Your vaxleth post is so bad. Yes bisexuals dont become "straight" at any moment but saying "heterosexual relationship" at no point in the real world means "both people are necessarely het" it literally just means "a man and a woman in a relationship". Also the "-sexual" has never been exclusively about sexual attraction (thats a mogai fabrication, as the sam cant be expanded to non-ace people) it has always been about the genders one is attracted to. Also one can be both ace and het too.
The fact that you think that this is about shipping demonstrates that you pretty much missed the point from the beginning.
In the “real world” there’s a prevalent perception of bisexuality as “fake”, as a phase, that bisexual people are selfish, or that they just can’t make up their mind, or they just need to find the right person. This is a perception that exists both among people outside of the queer community and inside of the queer community. Those perceptions don’t come from nowhere, and mislabeling the relationships bisexual people are in as “het” when they’re with a person of a different gender perpetuates those ideas.

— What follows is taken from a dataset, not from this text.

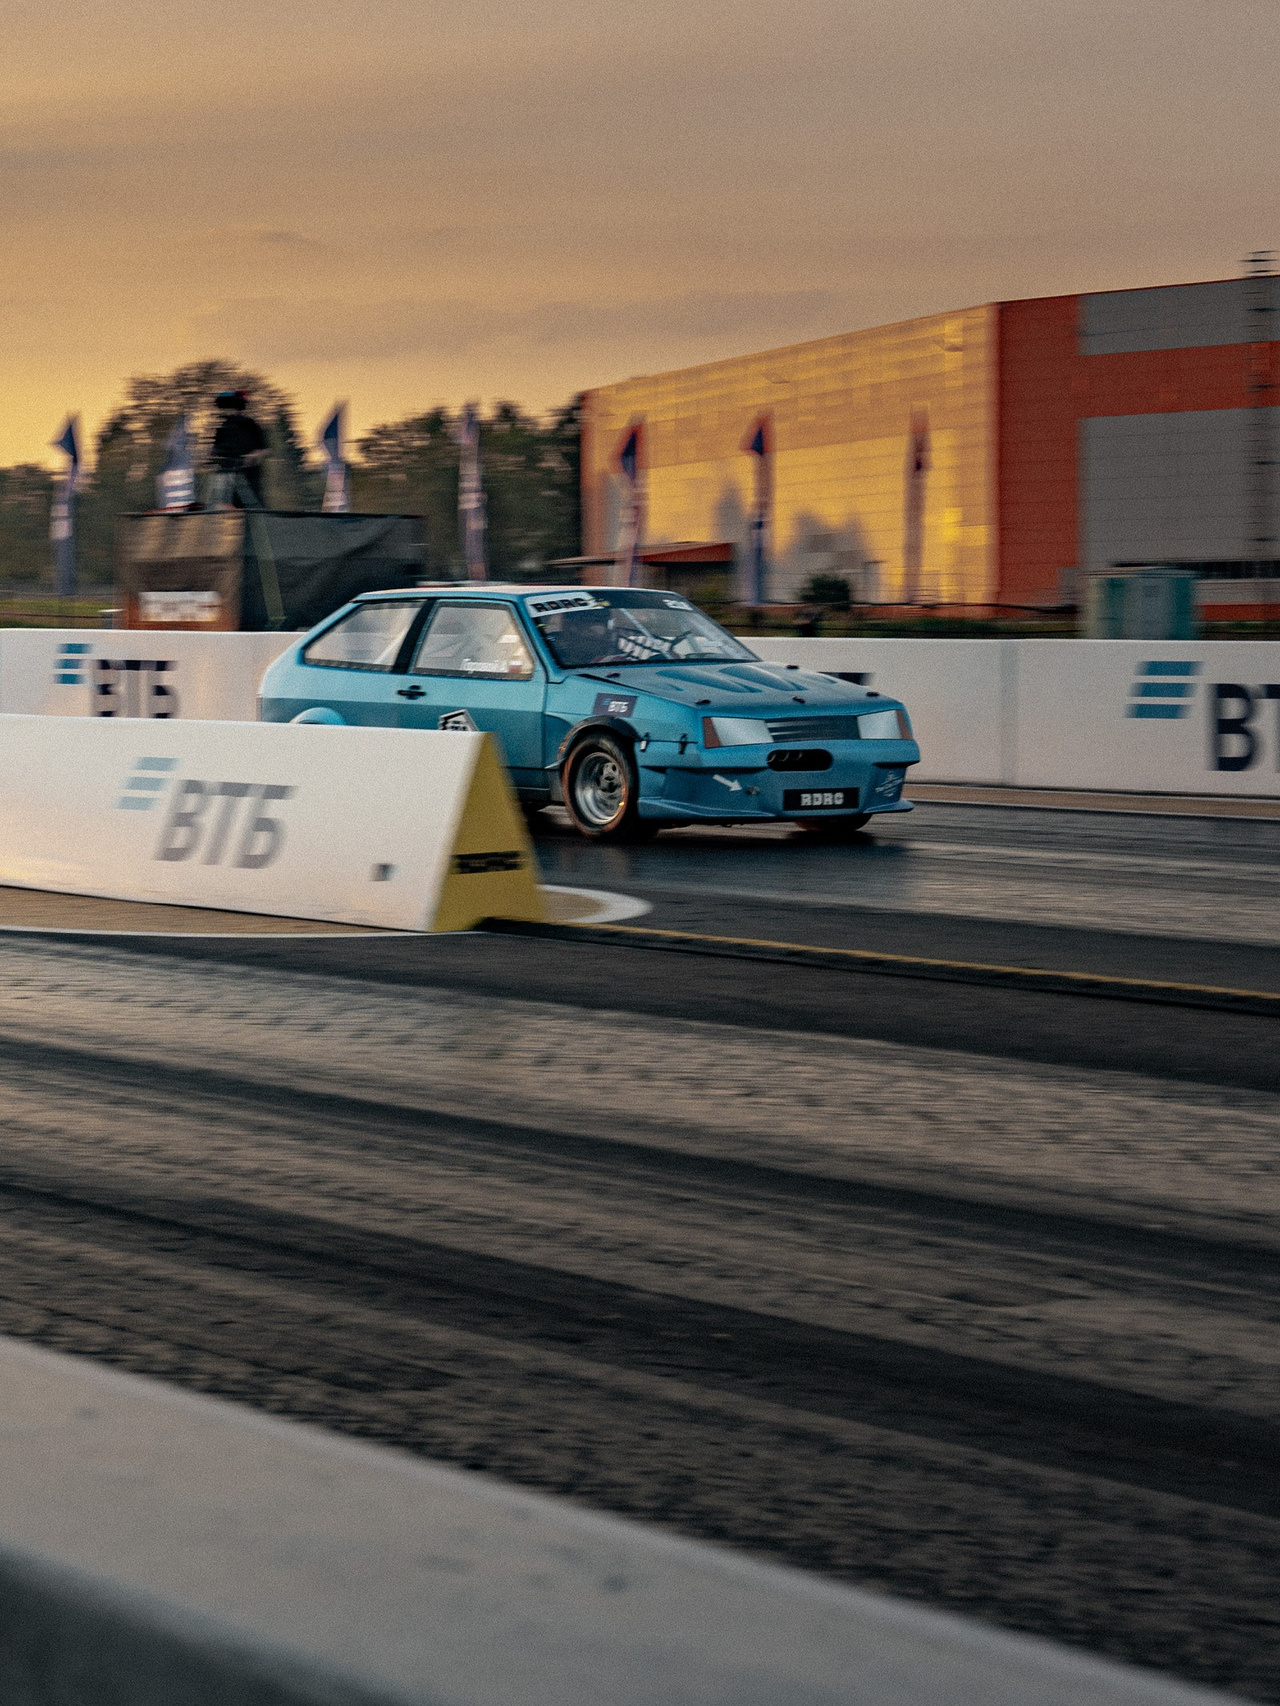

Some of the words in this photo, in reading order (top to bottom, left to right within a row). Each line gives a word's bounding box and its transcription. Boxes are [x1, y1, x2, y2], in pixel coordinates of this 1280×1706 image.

Some argument of “but this is what these words are accepted to mean” doesn’t actually contradict this discussion because that’s the whole point. There’s a popular and accepted usage of these words within our community and society, and that popular and accepted usage is inaccurate, harmful, and erases bisexual experiences in ways that lead to exclusion and discrimination.
And yes, the suffix of “-sexual” is exclusively about sexual attraction, speaking both in a more clinical sense and in the more modern language within the queer community. That’s why we have terms that separate the way someone experiences sexual attraction and the way someone experiences romantic attraction. A person cannot be asexual and heterosexual. They can be asexual and heteromantic. A person cannot be bisexual and homosexual. They can be bisexual and homoromantic. And yes, the “-sexual” suffix being used to describe how people experience sexual attraction can and does apply to asexuals, as “asexuality” is a term that describes the fact that we don’t experience sexual attraction.